Every record below is to be retyped exactly, with the pictures left out.

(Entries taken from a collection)
= Beginning of Section =

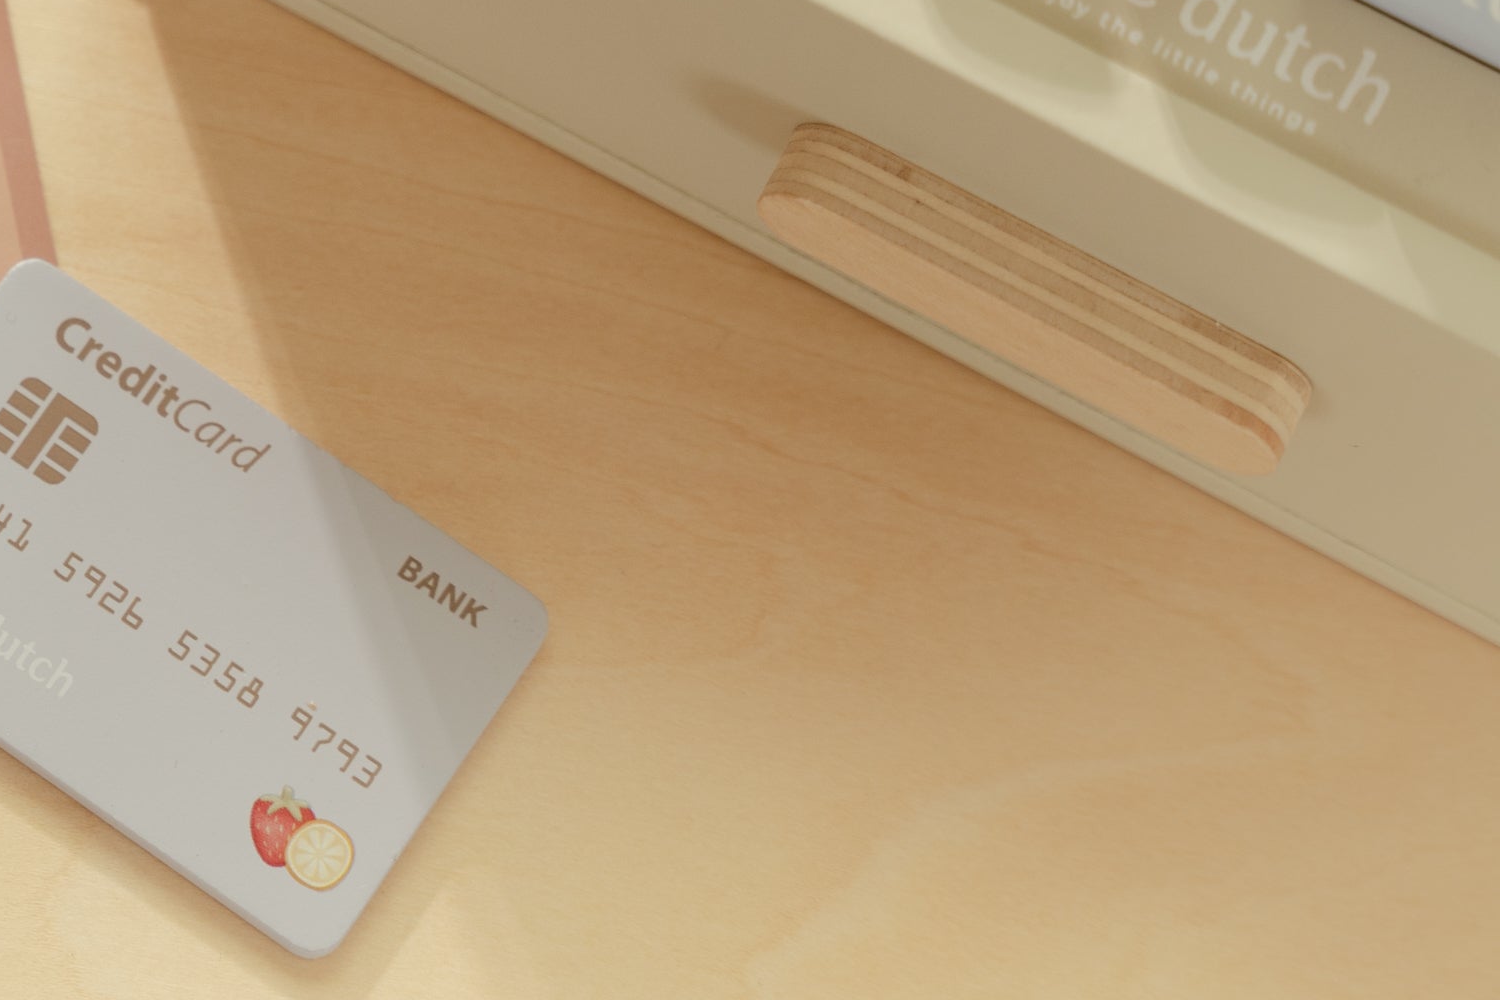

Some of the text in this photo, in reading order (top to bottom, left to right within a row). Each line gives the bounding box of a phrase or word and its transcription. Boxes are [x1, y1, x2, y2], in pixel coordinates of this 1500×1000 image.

[1098, 9, 1145, 47] the
[1152, 34, 1221, 86] little
[1229, 75, 1320, 137] things
[55, 316, 272, 474] CreditCard
[397, 555, 489, 629] BANK
[52, 551, 145, 632] 5926
[167, 629, 265, 709] 5358
[290, 704, 384, 790] 9793
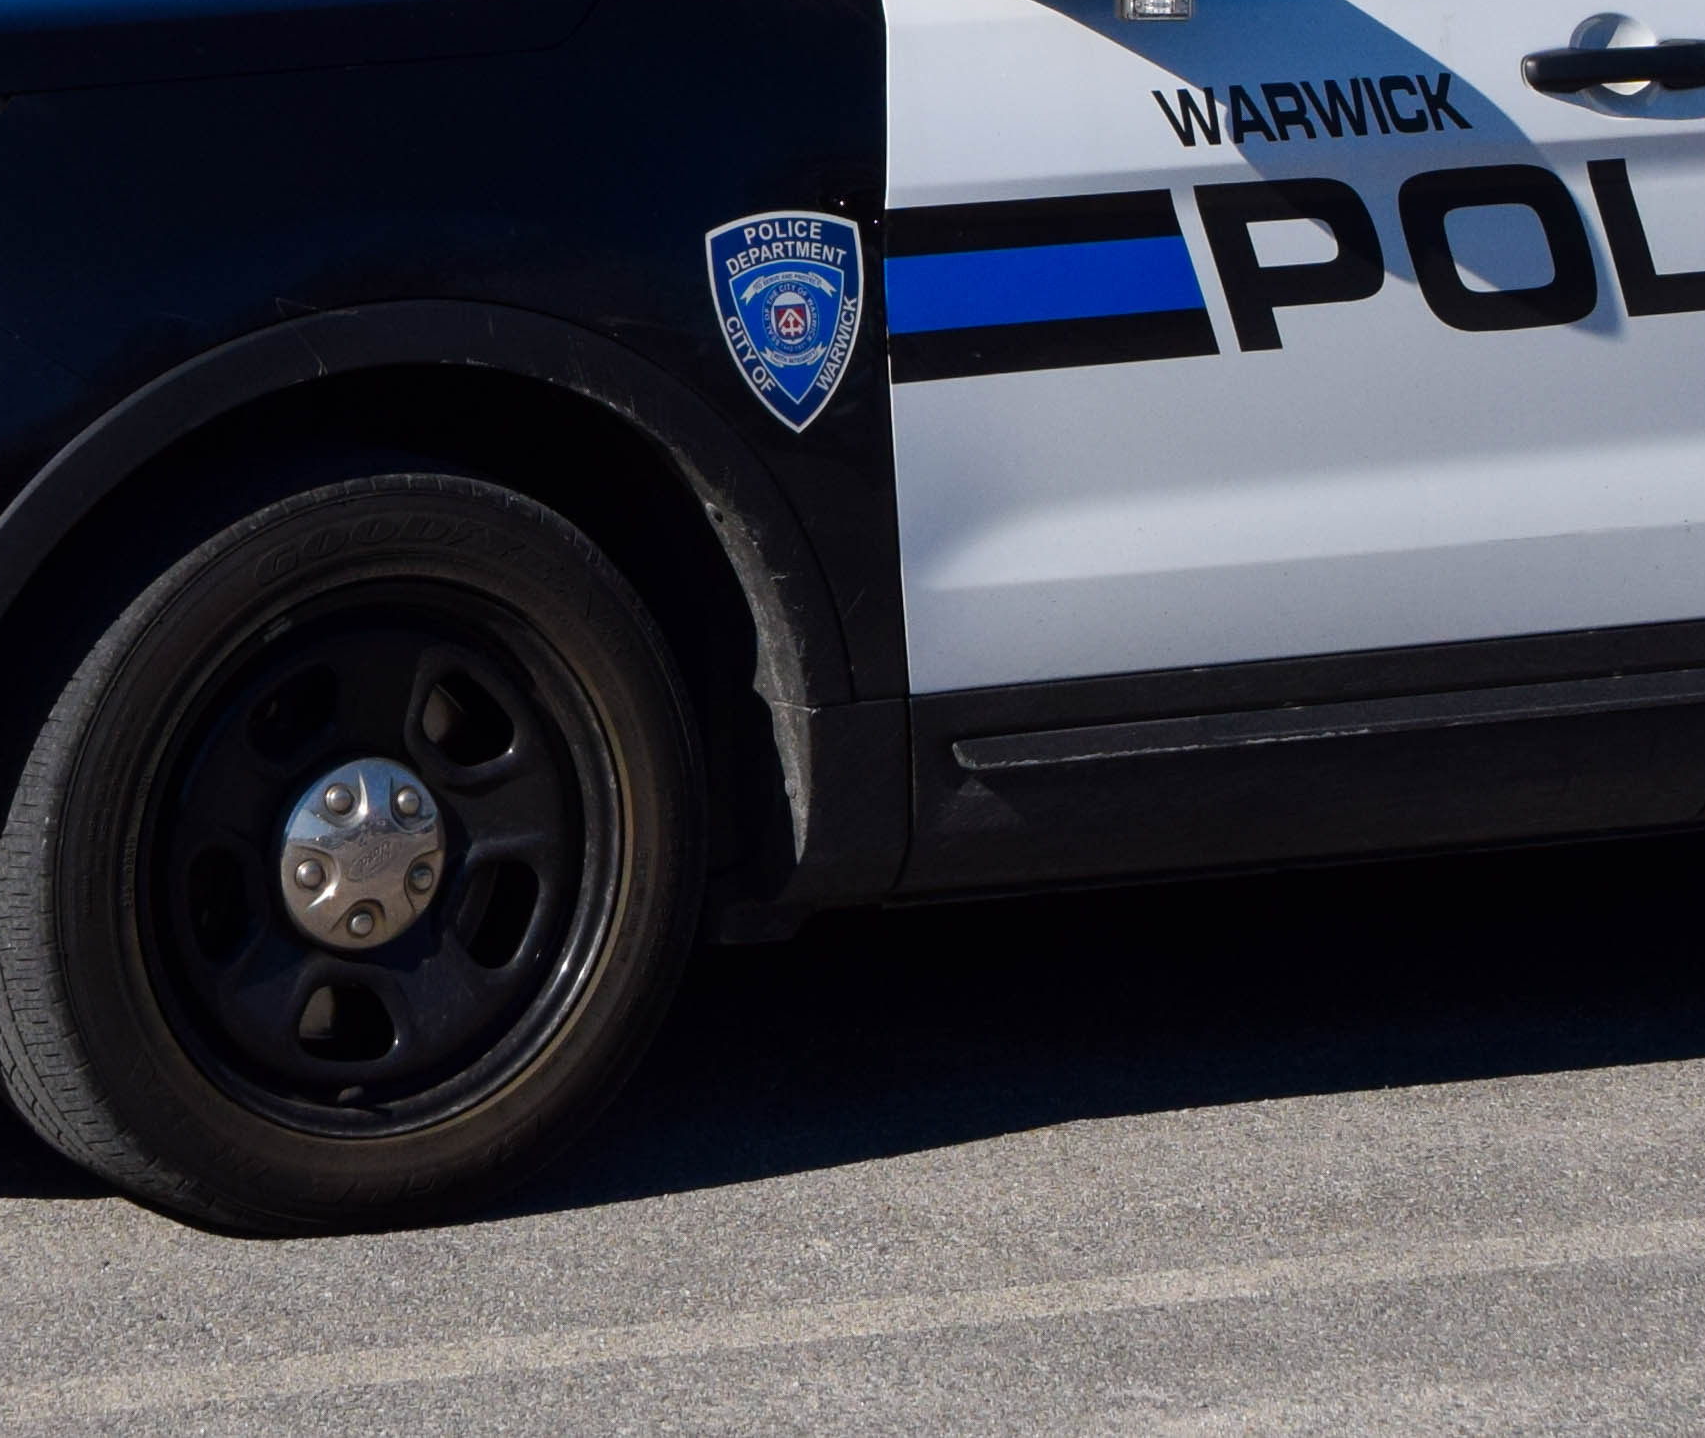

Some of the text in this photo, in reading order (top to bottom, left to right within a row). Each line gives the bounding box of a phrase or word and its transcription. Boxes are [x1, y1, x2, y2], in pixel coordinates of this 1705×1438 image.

[1151, 72, 1473, 148] WARWICK
[725, 241, 847, 276] DEPARTMENT
[744, 221, 823, 245] POLICE
[726, 296, 858, 392] CITY OF WARWICK
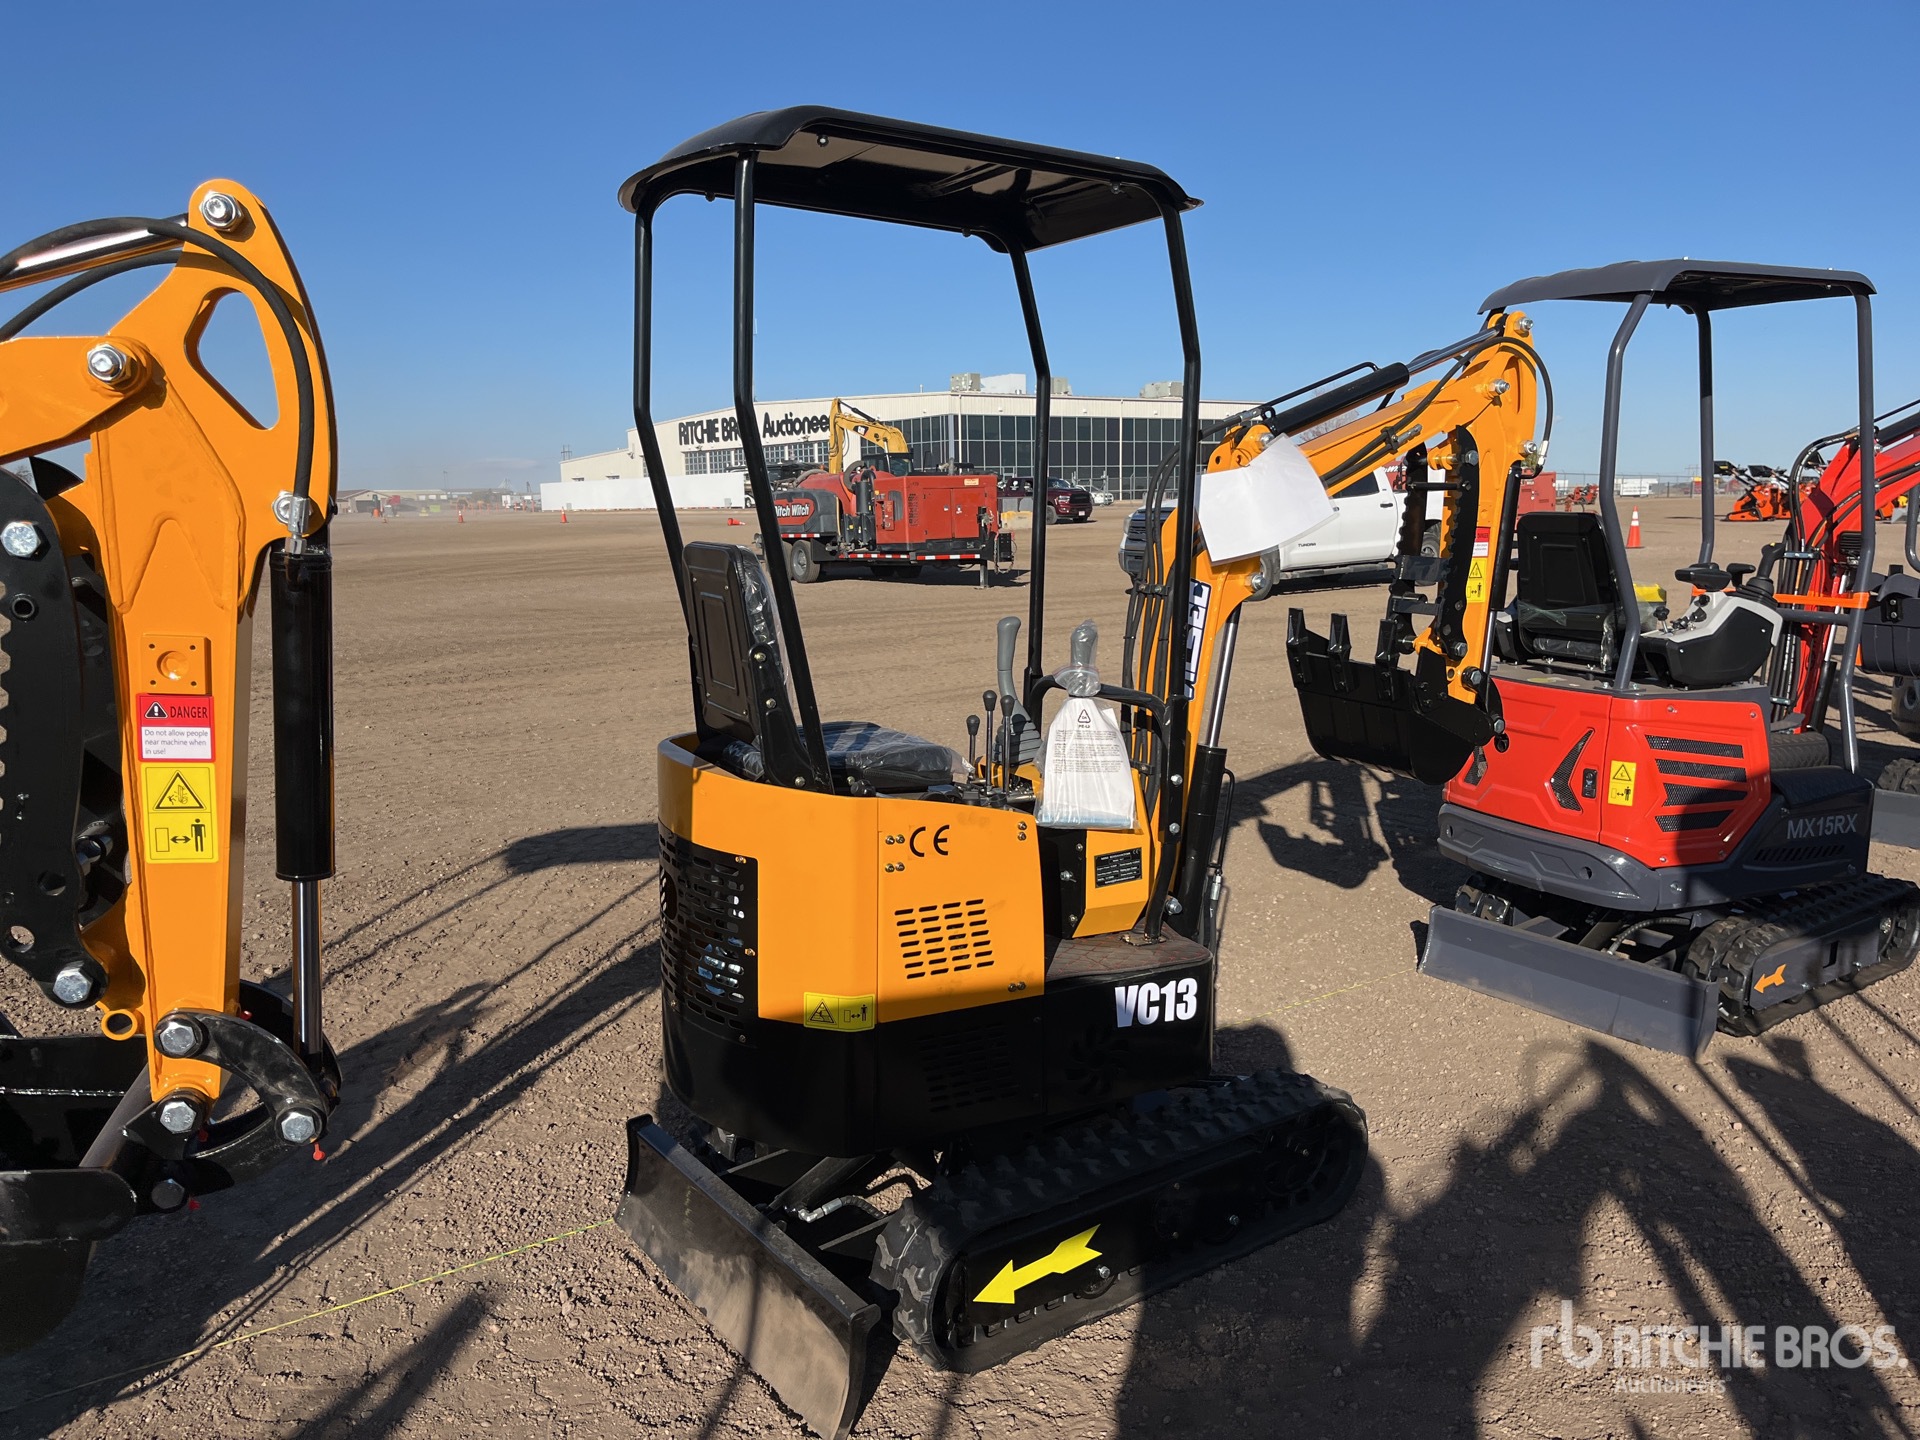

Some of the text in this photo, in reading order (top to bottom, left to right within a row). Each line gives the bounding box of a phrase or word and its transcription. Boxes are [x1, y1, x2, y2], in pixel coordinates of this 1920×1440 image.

[679, 418, 720, 446] RITCHIE
[762, 411, 831, 438] Auctionee
[791, 503, 810, 516] Witch
[170, 706, 208, 718] DANGER
[186, 729, 209, 738] people
[1787, 813, 1858, 840] MX15RX
[909, 824, 950, 858] CE
[1115, 977, 1198, 1028] VC13
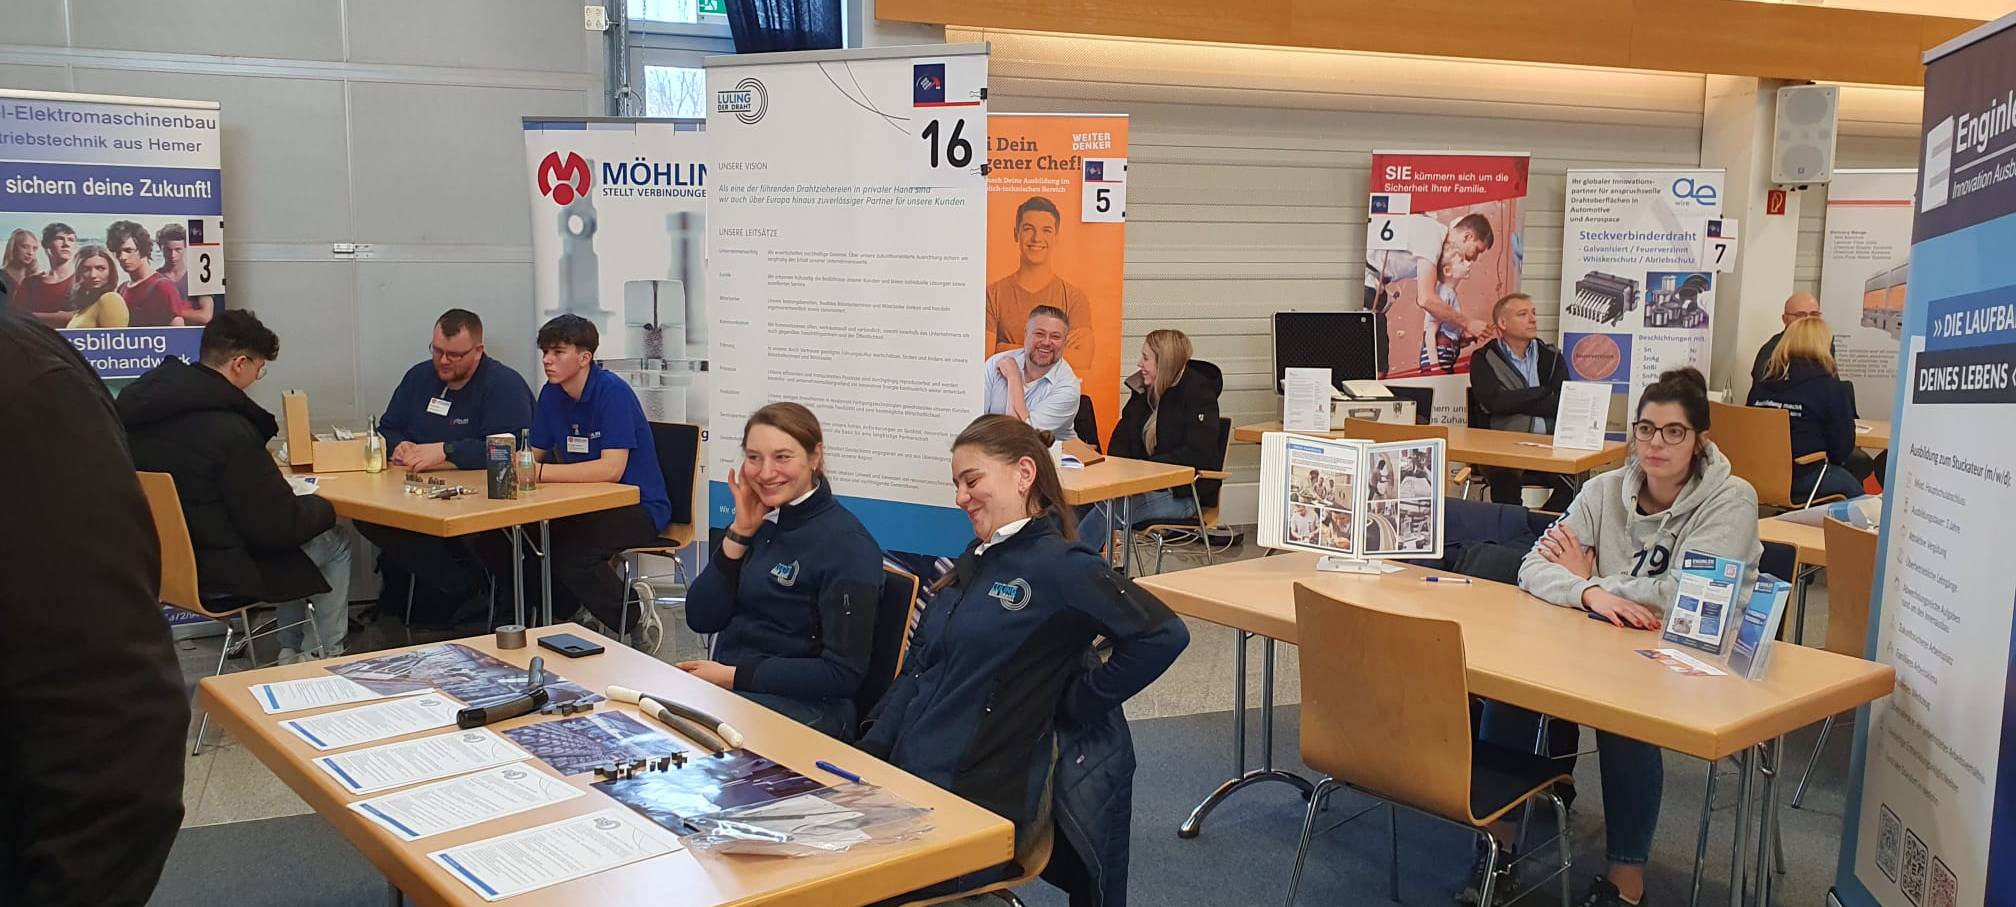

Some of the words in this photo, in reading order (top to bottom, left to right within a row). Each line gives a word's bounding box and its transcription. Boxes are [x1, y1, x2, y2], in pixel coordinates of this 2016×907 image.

= End of Section =

** Answer to the exercise **
Some of the text in this photo, in reading order (top to bottom, left to right within a row). Each line gives the bounding box of a phrase or word and its transcription. Boxes are [x1, y1, x2, y2], in pixel coordinates of this 1500×1000 image.

[1098, 9, 1145, 47] the
[1152, 34, 1221, 86] little
[1229, 75, 1320, 137] things
[55, 316, 272, 474] CreditCard
[397, 555, 489, 629] BANK
[52, 551, 145, 632] 5926
[167, 629, 265, 709] 5358
[290, 704, 384, 790] 9793

Some of the text in this photo, in reading order (top to bottom, left to right within a row). Each line gives the bounding box of a phrase or word and its transcription. Boxes are [x1, y1, x2, y2], in pixel coordinates of this 1705×1438 image.

[1151, 72, 1473, 148] WARWICK
[725, 241, 847, 276] DEPARTMENT
[744, 221, 823, 245] POLICE
[726, 296, 858, 392] CITY OF WARWICK

Some of the text in this photo, in reading order (top to bottom, left to right within a row). Each line gives the bounding box of a phrase or word and its transcription. Boxes are [x1, y1, x2, y2], in pixel coordinates of this 1920×1440 image.

[679, 418, 720, 446] RITCHIE
[762, 411, 831, 438] Auctionee
[791, 503, 810, 516] Witch
[170, 706, 208, 718] DANGER
[186, 729, 209, 738] people
[1787, 813, 1858, 840] MX15RX
[909, 824, 950, 858] CE
[1115, 977, 1198, 1028] VC13

Some of the words in this photo, in reading order (top to bottom, left to right within a row). Each line gives a word's bounding box and its transcription. Boxes are [x1, y1, x2, y2], in pixel coordinates of this 2016×907 image.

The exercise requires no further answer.